Computational Analysis for Prediction of Multi Epitopes Vaccine against Blue Tongue Virus Serotype 4 from VP5 and VP7 Proteins

Computational Analysis for Prediction of Multi Epitopes Vaccine against Blue Tongue Virus Serotype 4 from VP5 and VP7 Proteins

Marwa Abdelrahman1 , Yassir A Almofti2 *, Khoubieb Ali Abd-elrahman3 , Mashair AA Nouri2 and Elsideeq EM Eltilib2

Journal Title:Journal of Clinical And Experimental Immunology
Abstract


Blue Tongue Disease (BTD) is a non-contagious insect transmitted disease of ruminants caused by double stranded RNA virus. This study aimed to predict an effective multi-epitopes vaccine against BTD from VP5 and VP7 as immunogenic proteins using immunoinformatic tools.
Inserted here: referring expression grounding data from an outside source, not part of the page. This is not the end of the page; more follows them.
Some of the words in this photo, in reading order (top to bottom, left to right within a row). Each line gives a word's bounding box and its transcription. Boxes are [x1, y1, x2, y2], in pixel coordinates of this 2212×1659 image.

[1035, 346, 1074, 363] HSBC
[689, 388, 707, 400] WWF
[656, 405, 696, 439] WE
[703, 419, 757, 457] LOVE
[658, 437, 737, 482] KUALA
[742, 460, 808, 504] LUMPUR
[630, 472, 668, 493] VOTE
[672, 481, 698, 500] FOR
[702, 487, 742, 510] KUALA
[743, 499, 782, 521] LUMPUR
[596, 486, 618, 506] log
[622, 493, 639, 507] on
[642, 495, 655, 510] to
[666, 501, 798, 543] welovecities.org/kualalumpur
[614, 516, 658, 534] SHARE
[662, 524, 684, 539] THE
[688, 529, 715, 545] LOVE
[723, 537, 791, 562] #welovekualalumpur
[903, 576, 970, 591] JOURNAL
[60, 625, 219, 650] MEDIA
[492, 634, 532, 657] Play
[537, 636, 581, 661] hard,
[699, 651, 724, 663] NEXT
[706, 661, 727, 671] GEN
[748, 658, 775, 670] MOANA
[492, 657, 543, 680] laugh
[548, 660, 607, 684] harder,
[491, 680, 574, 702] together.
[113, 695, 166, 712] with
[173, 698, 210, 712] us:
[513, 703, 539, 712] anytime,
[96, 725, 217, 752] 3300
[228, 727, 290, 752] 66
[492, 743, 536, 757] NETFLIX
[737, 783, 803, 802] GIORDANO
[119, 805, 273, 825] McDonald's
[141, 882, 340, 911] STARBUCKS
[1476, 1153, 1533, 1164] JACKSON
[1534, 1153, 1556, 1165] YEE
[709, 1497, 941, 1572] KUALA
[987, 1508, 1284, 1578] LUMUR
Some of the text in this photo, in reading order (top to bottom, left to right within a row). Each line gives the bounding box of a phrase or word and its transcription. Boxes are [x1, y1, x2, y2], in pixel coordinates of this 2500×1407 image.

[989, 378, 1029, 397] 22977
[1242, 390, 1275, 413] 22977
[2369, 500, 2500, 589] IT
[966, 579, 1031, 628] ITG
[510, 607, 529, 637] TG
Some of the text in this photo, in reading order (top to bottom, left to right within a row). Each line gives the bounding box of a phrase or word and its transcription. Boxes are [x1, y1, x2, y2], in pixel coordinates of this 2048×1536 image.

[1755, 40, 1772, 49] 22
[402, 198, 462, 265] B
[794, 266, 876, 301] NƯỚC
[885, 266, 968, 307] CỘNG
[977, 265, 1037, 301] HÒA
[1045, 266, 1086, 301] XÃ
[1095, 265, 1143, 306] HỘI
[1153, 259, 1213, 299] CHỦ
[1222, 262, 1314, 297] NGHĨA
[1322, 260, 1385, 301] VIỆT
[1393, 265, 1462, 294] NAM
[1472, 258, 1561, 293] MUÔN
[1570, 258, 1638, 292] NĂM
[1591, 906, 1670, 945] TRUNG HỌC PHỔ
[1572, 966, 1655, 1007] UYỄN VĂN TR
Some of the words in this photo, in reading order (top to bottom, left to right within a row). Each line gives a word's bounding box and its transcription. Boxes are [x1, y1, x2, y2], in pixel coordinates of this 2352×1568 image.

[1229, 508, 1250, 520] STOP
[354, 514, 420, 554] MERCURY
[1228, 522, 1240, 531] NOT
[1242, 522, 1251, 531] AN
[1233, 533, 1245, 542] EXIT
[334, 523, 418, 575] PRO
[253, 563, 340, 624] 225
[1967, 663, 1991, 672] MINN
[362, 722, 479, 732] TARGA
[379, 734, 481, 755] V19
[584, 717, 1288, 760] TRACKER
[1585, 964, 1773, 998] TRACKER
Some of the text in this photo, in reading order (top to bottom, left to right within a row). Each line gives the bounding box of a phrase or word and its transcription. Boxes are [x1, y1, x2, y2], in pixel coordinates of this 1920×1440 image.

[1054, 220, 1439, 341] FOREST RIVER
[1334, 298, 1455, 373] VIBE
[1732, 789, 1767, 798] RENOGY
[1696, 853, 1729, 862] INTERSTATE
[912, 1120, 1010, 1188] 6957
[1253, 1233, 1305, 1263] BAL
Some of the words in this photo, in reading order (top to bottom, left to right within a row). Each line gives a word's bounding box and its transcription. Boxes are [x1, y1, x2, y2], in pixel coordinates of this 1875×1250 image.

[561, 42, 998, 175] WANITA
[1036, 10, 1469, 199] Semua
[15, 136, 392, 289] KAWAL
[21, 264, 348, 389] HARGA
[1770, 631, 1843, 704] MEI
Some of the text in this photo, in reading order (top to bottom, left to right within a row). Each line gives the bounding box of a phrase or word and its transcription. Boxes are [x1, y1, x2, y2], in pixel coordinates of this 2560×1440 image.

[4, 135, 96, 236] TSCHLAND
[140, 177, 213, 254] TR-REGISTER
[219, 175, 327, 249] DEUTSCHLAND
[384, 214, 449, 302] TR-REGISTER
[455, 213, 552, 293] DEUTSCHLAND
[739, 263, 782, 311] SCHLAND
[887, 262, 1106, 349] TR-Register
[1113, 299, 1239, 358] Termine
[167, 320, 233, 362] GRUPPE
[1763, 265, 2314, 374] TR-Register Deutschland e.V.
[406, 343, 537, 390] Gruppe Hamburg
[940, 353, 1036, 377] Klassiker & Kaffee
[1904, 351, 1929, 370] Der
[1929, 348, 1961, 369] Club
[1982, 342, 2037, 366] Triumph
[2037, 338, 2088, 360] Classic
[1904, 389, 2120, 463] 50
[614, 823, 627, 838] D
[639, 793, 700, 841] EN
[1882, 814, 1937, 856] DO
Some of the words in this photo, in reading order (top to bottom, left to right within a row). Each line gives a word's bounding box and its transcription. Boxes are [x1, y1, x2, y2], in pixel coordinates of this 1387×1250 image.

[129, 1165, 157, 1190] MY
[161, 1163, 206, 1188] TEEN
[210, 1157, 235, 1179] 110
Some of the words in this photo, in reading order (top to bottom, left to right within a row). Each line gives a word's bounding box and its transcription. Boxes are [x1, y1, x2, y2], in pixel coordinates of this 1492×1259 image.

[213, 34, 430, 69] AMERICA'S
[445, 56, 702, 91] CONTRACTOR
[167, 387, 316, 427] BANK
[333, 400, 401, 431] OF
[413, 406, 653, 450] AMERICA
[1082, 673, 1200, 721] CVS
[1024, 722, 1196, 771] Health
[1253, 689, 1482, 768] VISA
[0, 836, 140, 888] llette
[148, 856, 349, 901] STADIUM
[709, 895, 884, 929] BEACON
The VP5 and VP7 proteins sequences were retrieved from GenBank of National Center for Biotechnology Information (NCBI). The sequences of each protein were aligned for conservancy using Bioedit software. Immune Epitope Database (IEDB) analysis resources were used to predict B and T cell epitopes. The proposed MHC-1 epitopes of both proteins were further subjected to molecular docking to show minimum binding energy of each epitopes. In our results, two epitopes (235-SEEV-235 and 85-PDPLSP-90) from VP5 and two epitopes (79-PISPDYTQ-86 and 297-PIFPPN-302) from VP7 were proposed as B cell epitopes since they were shown to be linear, surface accessible and antigenic epitopes. For T cells, MHC-1 binding prediction tools showed multiple epitopes strongly interacted with BoLA alleles from both VP5 and VP7. Among them three epitopes, (257-KLKKVINAL-265, 487-QMHILRGPL-495 and 350-VMMRFKIPR-358) fromVP5 protein and four epitopes (86-QHMATIGVL-94, 315-TLADVYTVL-323, 17-TLQEARIVL-25 and 10-TVMRACATL-18) from VP7 protein interacted with the highest number of alleles and demonstrated best binding affinity to MHC-1 alleles. Thus were proposed as a vaccine candidate from VP5 and VP7 proteins. All the epitopes from VP5 and VP7 that interacted with MHC-1 alleles when subjected to molecular docking against the sheep b_microglobulin alleles demonstrated biologically significant higher binding affinity which expressed by their lower global and attractive energy. In conclusion, eleven epitopes were predicted as promising vaccine candidates against BTD from the VP5 and VP7 immunogenic proteins. These epitopes require to be validated experimentally through in vitro and in vivo studies.